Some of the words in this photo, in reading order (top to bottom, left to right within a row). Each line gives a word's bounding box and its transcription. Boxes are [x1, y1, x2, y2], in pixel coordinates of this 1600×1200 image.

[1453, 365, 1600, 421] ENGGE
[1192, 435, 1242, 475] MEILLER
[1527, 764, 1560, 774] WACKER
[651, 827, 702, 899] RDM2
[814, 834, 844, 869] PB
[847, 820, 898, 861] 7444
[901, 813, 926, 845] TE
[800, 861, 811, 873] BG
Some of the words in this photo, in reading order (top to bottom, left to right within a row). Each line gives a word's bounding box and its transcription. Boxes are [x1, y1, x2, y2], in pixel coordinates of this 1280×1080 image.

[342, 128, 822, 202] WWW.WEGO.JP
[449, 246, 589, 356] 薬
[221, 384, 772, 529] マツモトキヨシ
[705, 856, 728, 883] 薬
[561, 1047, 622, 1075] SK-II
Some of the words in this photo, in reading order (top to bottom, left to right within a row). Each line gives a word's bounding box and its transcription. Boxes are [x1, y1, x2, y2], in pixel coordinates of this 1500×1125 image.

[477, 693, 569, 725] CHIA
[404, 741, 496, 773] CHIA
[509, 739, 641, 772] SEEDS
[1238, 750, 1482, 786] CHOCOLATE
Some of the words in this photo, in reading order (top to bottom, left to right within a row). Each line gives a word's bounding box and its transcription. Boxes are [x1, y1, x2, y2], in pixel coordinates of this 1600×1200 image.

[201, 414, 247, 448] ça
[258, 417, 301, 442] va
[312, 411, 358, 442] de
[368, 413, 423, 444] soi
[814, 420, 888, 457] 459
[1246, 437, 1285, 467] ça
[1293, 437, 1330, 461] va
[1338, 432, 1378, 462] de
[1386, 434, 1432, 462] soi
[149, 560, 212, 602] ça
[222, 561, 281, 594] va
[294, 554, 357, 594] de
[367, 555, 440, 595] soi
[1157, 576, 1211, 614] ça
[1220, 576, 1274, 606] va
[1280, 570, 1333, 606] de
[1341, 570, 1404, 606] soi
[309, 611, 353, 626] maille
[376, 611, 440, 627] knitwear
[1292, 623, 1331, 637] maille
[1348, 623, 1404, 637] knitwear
....................
### WHAT IS EXPECTED
Only an exact reproduction of the lines from the one with "this 1500×1125 image." to the end of the listing is expected.

### RESULT BELOW
Some of the words in this photo, in reading order (top to bottom, left to right within a row). Each line gives a word's bounding box and its transcription. Boxes are [x1, y1, x2, y2], in pixel coordinates of this 1500×1125 image.

[477, 693, 569, 725] CHIA
[404, 741, 496, 773] CHIA
[509, 739, 641, 772] SEEDS
[1238, 750, 1482, 786] CHOCOLATE
Some of the words in this photo, in reading order (top to bottom, left to right within a row). Each line gives a word's bounding box and its transcription. Boxes are [x1, y1, x2, y2], in pixel coordinates of this 1600×1200 image.

[201, 414, 247, 448] ça
[258, 417, 301, 442] va
[312, 411, 358, 442] de
[368, 413, 423, 444] soi
[814, 420, 888, 457] 459
[1246, 437, 1285, 467] ça
[1293, 437, 1330, 461] va
[1338, 432, 1378, 462] de
[1386, 434, 1432, 462] soi
[149, 560, 212, 602] ça
[222, 561, 281, 594] va
[294, 554, 357, 594] de
[367, 555, 440, 595] soi
[1157, 576, 1211, 614] ça
[1220, 576, 1274, 606] va
[1280, 570, 1333, 606] de
[1341, 570, 1404, 606] soi
[309, 611, 353, 626] maille
[376, 611, 440, 627] knitwear
[1292, 623, 1331, 637] maille
[1348, 623, 1404, 637] knitwear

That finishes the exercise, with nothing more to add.